2. The method of claim 1, further comprising:

modifying the set of conditions applied to the sample until the data satisfy a criteria.

3. The method of claim 1, wherein providing a set of conditions comprises:

providing a set of hybridization conditions.

4. The method of claim 3, wherein providing a set of hybridization conditions comprises:

adjusting the hybridization conditions applied to the sample dynamically until hybridization data satisfies a hybridization criteria corresponding to the selected spots.

5. The method of claim 3, wherein the hybridization conditions are selected from: temperature of the polymer array, pH of the polymer array, a time period of the polymer array, and stringency of the polymer array, and combinations thereof.

6. The method of claim 1, wherein providing a set of conditions comprises:

providing a set of washing conditions.

7. The method of claim 6, wherein providing a set of washing conditions comprises:

adjusting the washing conditions applied to the sample dynamically until a washing data satisfy washing criteria corresponding to the selected spots.

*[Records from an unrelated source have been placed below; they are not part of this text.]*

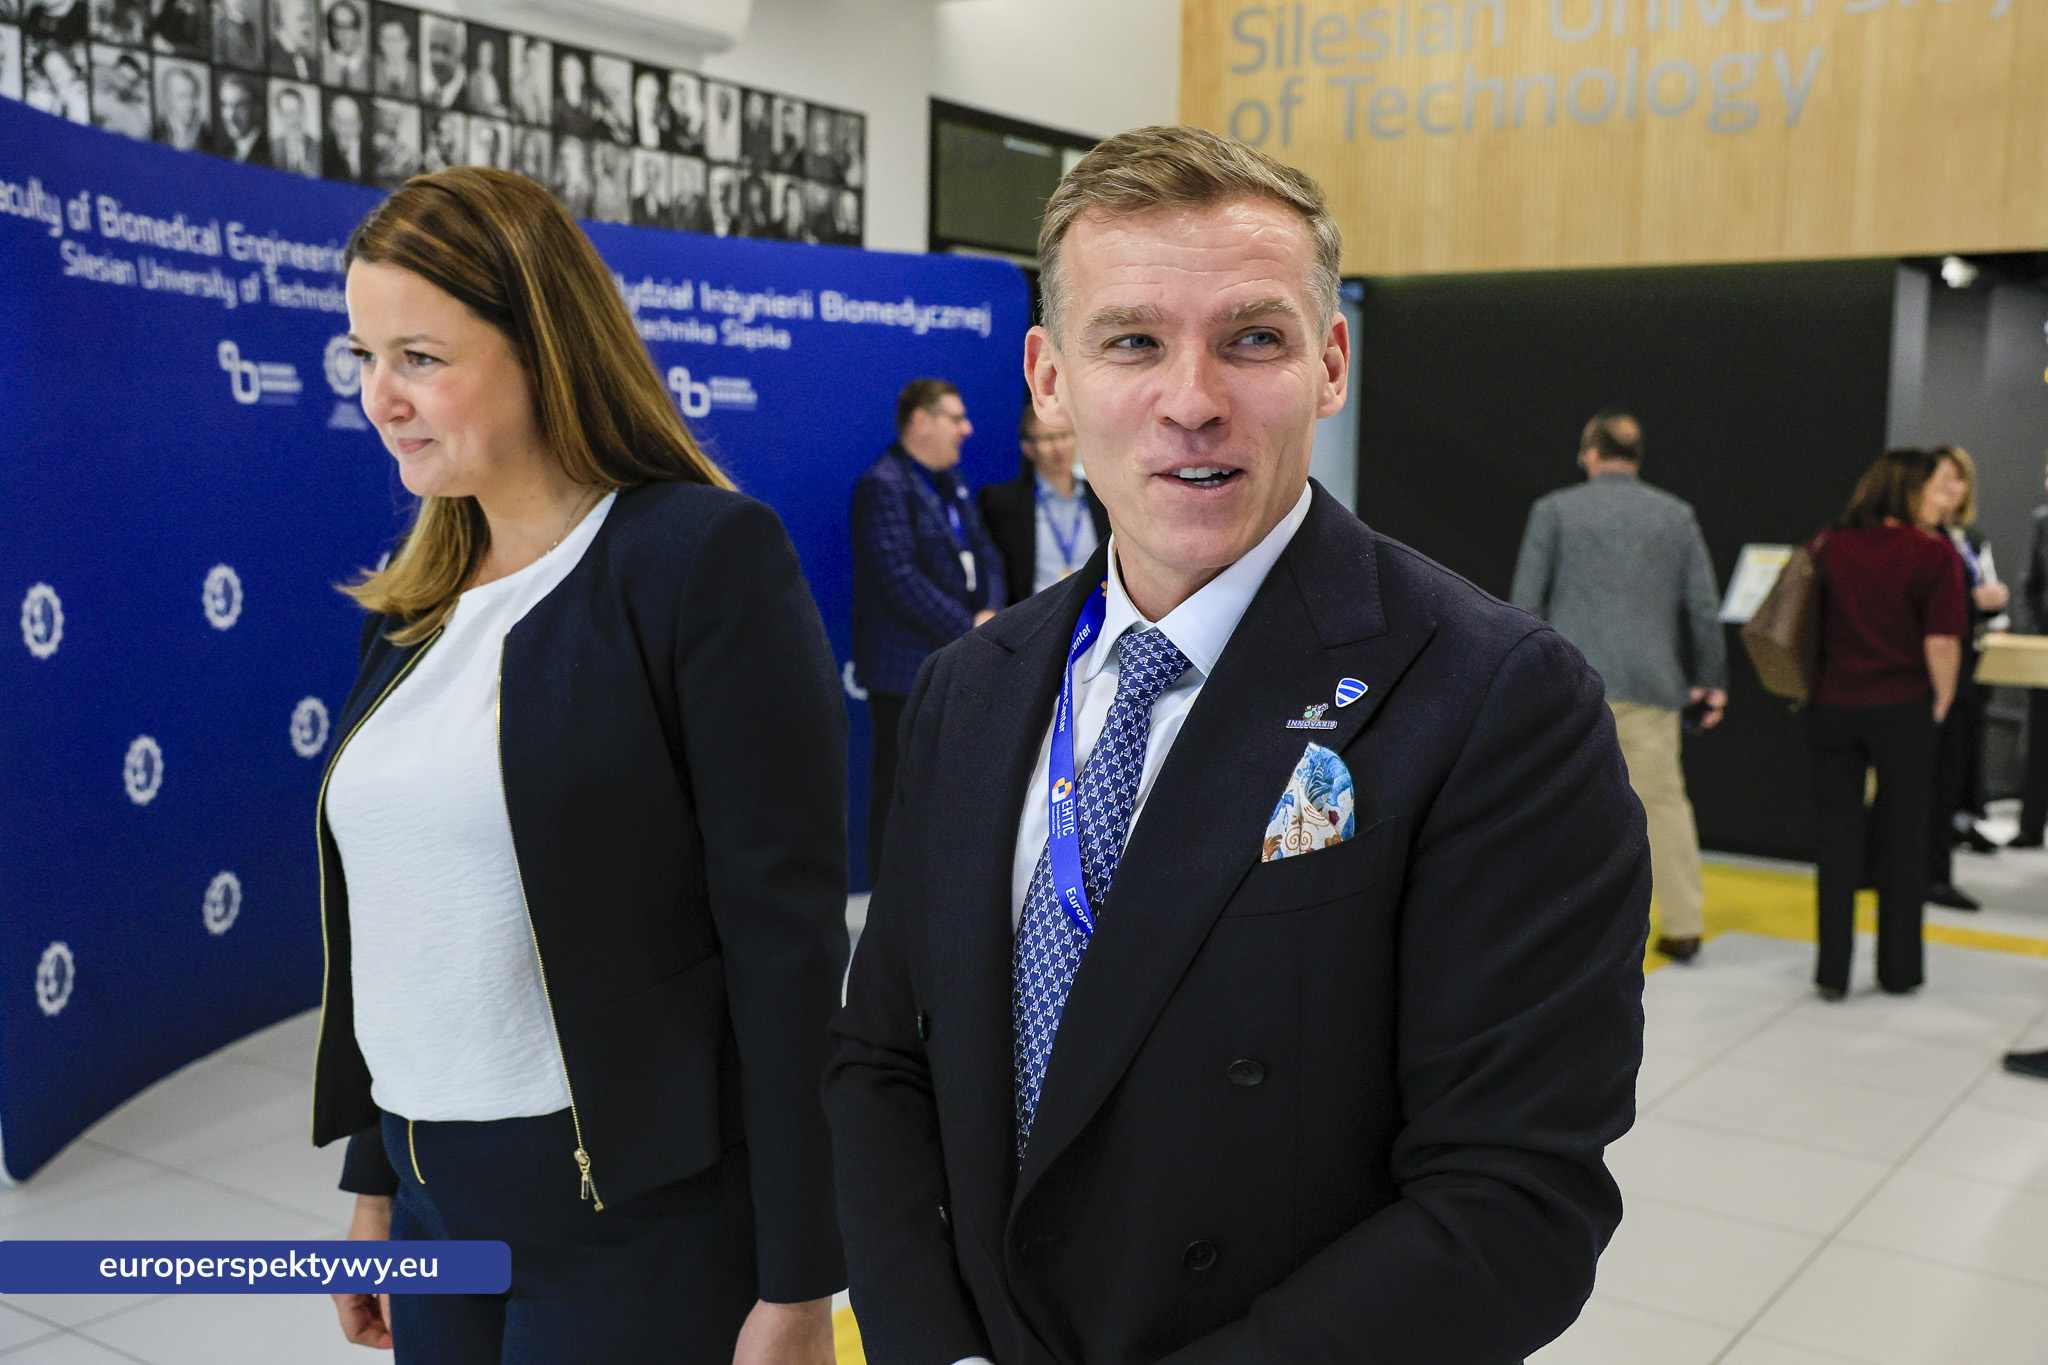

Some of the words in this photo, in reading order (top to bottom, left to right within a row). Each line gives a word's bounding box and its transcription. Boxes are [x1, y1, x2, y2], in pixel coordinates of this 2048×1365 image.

[1230, 0, 1505, 74] Silesian
[1228, 76, 1303, 148] of
[1326, 44, 1824, 143] Technology
[67, 190, 91, 232] of
[96, 195, 222, 258] Biomedical
[60, 239, 137, 288] Silesian
[137, 256, 238, 309] University
[239, 273, 260, 303] of
[820, 290, 992, 338] Biomedycznej
[1062, 798, 1075, 836] EHTIC

8. The method of claim 6, wherein the washing conditions are selected from: temperature of the nucleic acid array, pH of the nucleic acid array, a time period of the nucleic acid array, and stringency of the nucleic acid array.

9. A method for performing a polymer array analysis, comprising:

providing a set of hybridization conditions and a set of wash conditions that are selected to generate a response for selected spots;

applying the hybridization conditions to the sample;

generating hybridization data corresponding to a first response from the selected spots;

adjusting the hybridization conditions applied to the sample until the hybridization data satisfy hybridization criteria;

applying the wash conditions to the sample;

generating washing data corresponding to a second response from the selected spots;

adjusting the washing conditions applied to the sample until the washing data satisfy washing criteria; and

generating polymer array data.

10. The method of claim 9, wherein the polymer array is selected from a polynucleotide array and a polypeptide array.

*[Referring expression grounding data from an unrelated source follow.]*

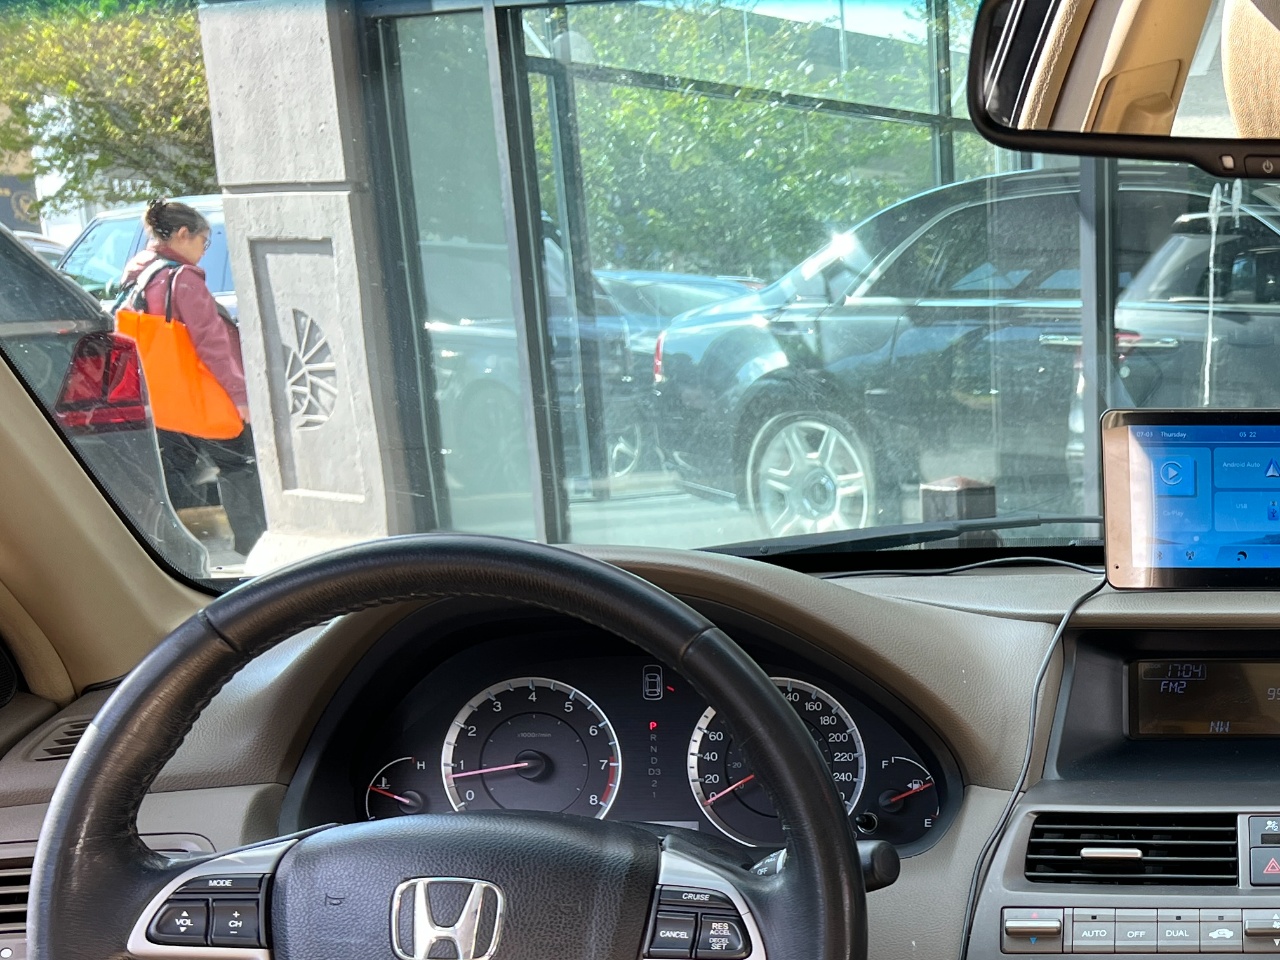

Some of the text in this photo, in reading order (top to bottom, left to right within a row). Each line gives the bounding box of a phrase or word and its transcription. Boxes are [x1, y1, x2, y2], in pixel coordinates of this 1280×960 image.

[1160, 681, 1187, 694] FM2
[528, 692, 537, 702] 4
[493, 702, 502, 712] 3
[564, 702, 573, 712] 5
[805, 702, 822, 711] 160
[820, 716, 837, 725] 180
[650, 722, 657, 730] P
[468, 726, 477, 736] 2
[589, 726, 598, 736] 6
[709, 732, 723, 741] 60
[828, 733, 848, 742] 200
[704, 752, 718, 761] 40
[834, 753, 854, 761] 220
[417, 761, 425, 769] H
[460, 760, 464, 769] 1
[599, 760, 607, 770] 7
[882, 760, 888, 769] F
[705, 774, 719, 784] 20
[833, 773, 853, 781] 240
[465, 790, 475, 801] 0
[589, 795, 598, 805] 8
[924, 819, 932, 828] E
[682, 893, 710, 901] CRUISE
[229, 920, 242, 928] CH
[660, 930, 689, 939] CANCEL
[1127, 930, 1146, 938] OFF

11. The method of claim 9, wherein the hybridization conditions are selected from: temperature of the polymer array, pH of the polymer array, a time period of the polymer array, and stringency of the polymer array, and combinations thereof.

12. The method of claim 9, wherein the washing conditions are selected from: temperature of the nucleic acid array, pH of the nucleic acid array, a time period of the nucleic acid array, and stringency of the nucleic acid array.

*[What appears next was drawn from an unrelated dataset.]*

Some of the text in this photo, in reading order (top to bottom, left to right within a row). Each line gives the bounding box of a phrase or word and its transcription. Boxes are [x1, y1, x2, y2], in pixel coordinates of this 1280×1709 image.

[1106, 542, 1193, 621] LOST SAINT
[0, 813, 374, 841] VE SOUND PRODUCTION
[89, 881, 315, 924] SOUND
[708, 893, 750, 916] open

13. A system for performing polymer analysis, comprising:

a polymer control system operative to:

apply a set of conditions to a sample being analyzed using a polymer array, the polymer array having a plurality of spots, the set of conditions are selected to generate a response from the selected spots;

analyze data corresponding to the selected spots using the polymer control system; and

generate polymer array data.

14. The system of claim 13, wherein the polymer control system is stored on a computer-readable medium.

15. The system of claim 13, wherein the polymer control system comprises:

receptive logic configured to analyze the data.

16. The system of claim 13, wherein the polymer control system is further operative to dynamically adjust the set of conditions applied to the polymer array.

17. The system of claim 13, further comprising:

means for analyzing the data.

18. The system of claim 13, wherein the set of conditions is selected from a set of hybridization conditions and a set of wash conditions.

19. The system of claim 13, further comprising a polymer analysis system comprising the polymer array and the polymer control system, the polymer array selected from a polynucleotide array and a polypeptide array.